┌─ Provided records

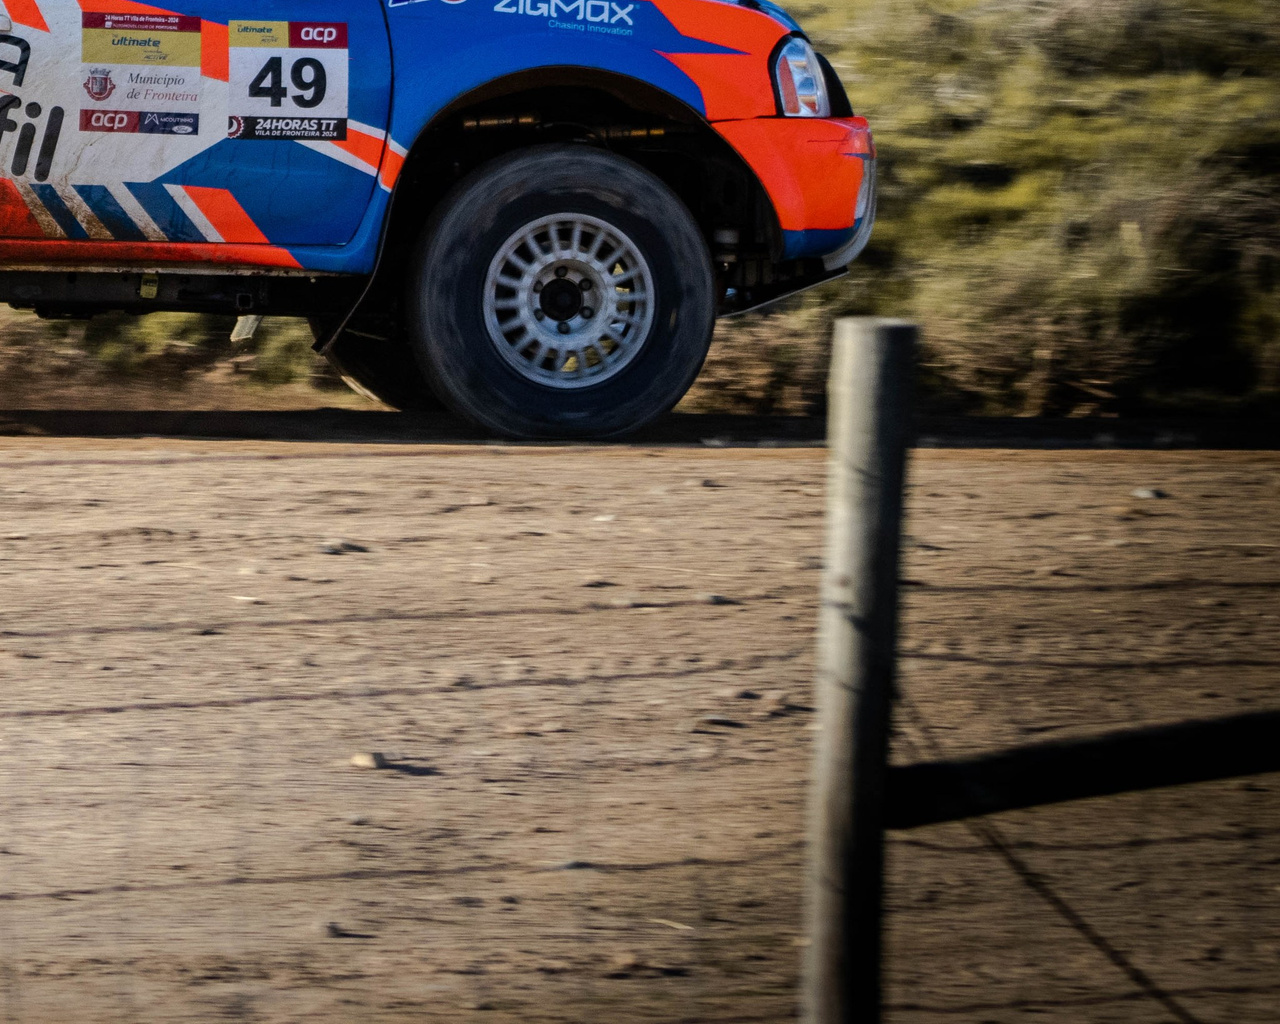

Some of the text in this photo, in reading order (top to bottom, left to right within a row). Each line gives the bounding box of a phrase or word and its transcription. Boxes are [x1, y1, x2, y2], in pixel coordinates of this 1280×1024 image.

[300, 27, 337, 43] acp
[548, 19, 633, 36] Chasing Innovation
[112, 36, 160, 47] ultimate
[128, 73, 185, 88] Município
[248, 56, 327, 108] 49
[126, 88, 198, 101] de Fronteira
[91, 113, 128, 129] acp
[320, 120, 337, 130] TT
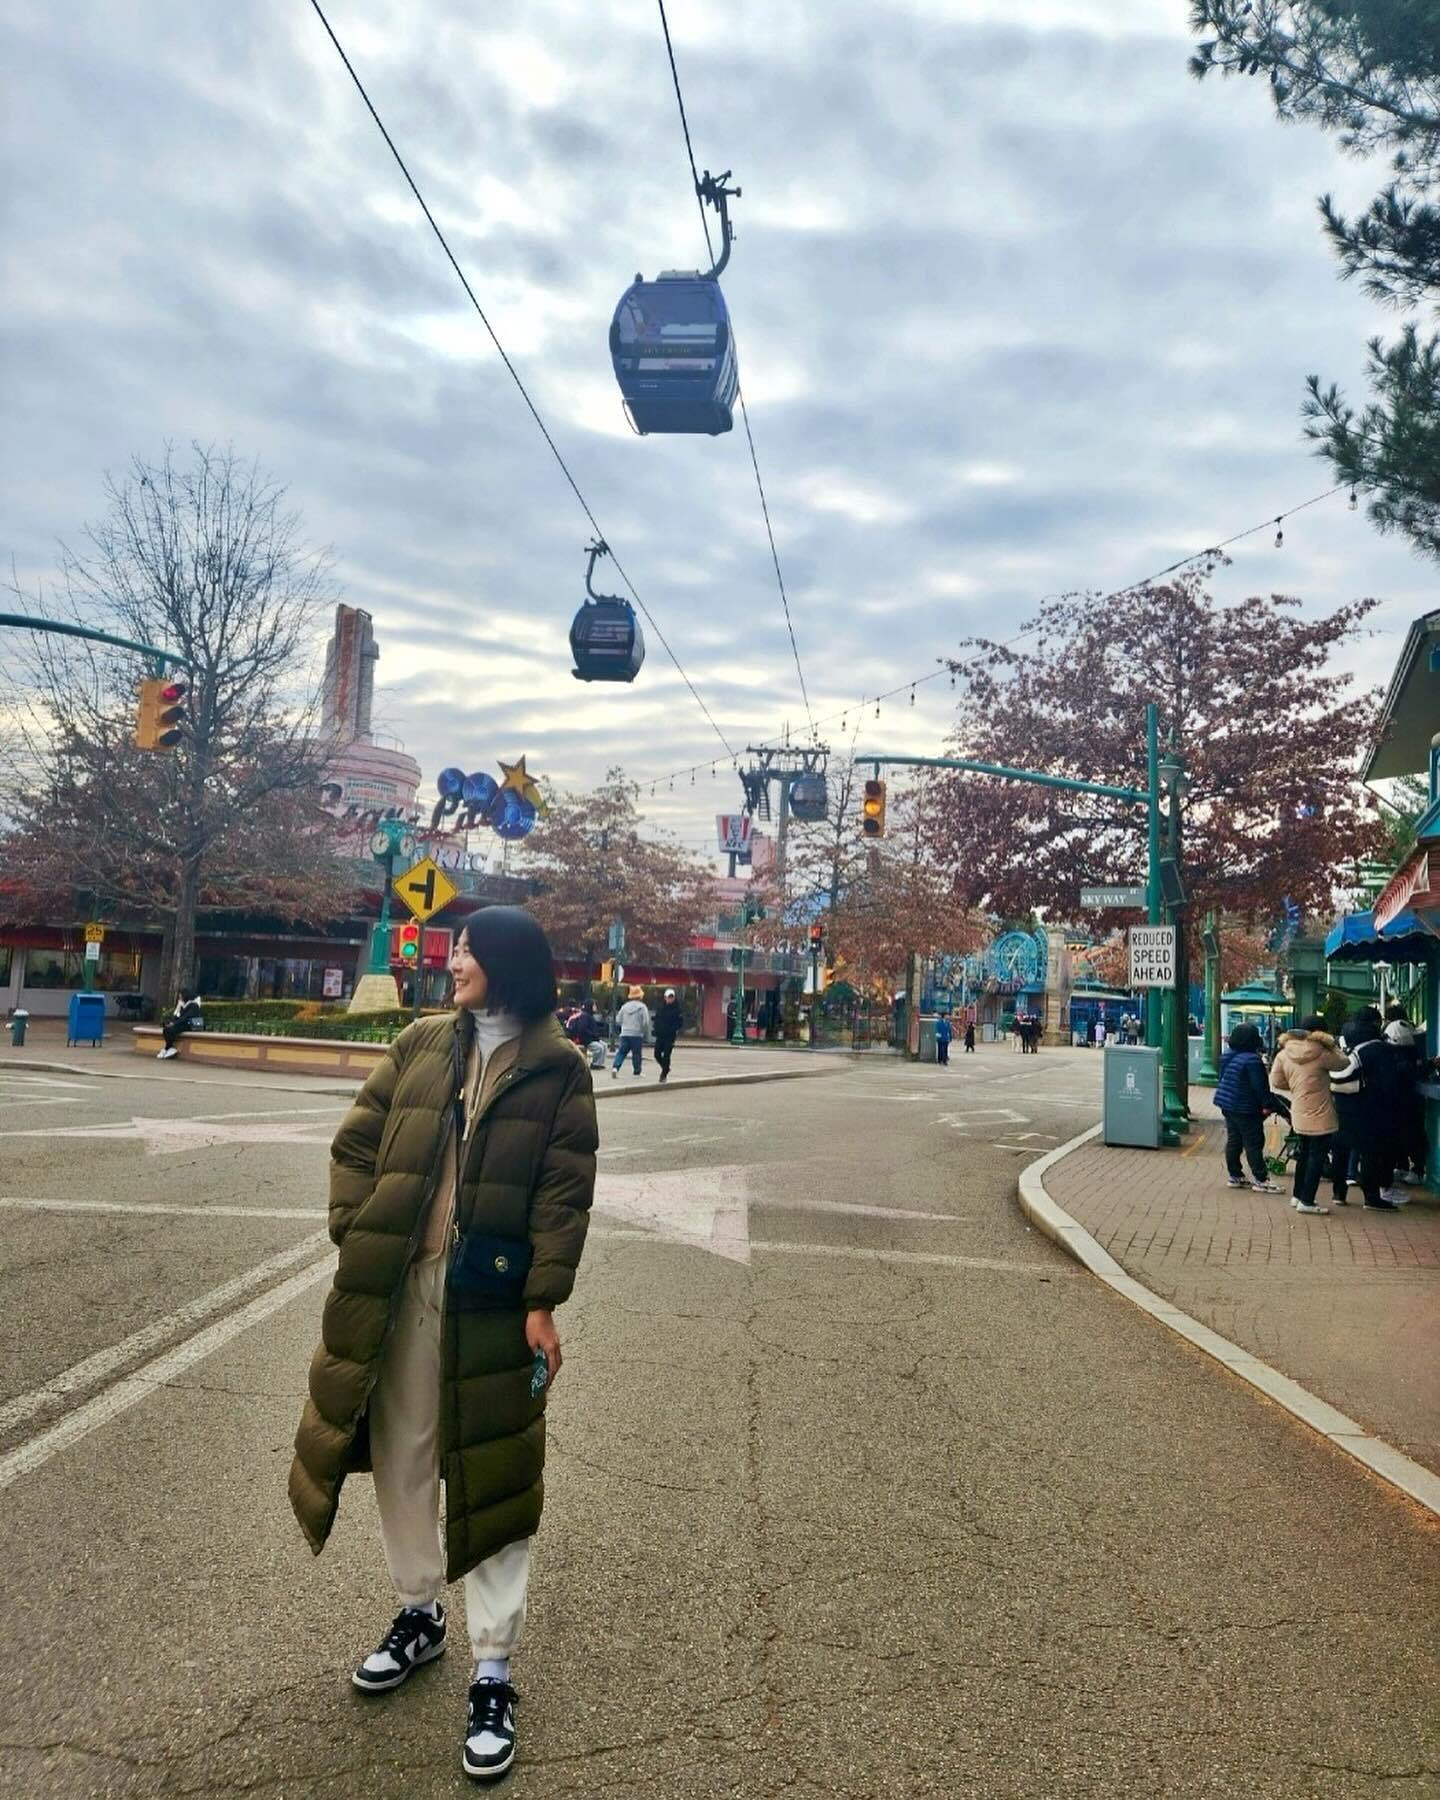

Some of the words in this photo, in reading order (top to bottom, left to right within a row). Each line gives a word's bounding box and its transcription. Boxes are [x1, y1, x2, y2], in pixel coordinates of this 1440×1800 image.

[1132, 932, 1172, 946] REDUCED
[1133, 949, 1171, 963] SPEED
[1132, 967, 1172, 980] AHEAD

└─

- Task details:
Answer with an exact copy of the lines from the one containing "Some of the words" through the end of the entries above, leaving out everything before.

- Response to the task:
Some of the words in this photo, in reading order (top to bottom, left to right within a row). Each line gives a word's bounding box and its transcription. Boxes are [x1, y1, x2, y2], in pixel coordinates of this 1440×1800 image.

[1132, 932, 1172, 946] REDUCED
[1133, 949, 1171, 963] SPEED
[1132, 967, 1172, 980] AHEAD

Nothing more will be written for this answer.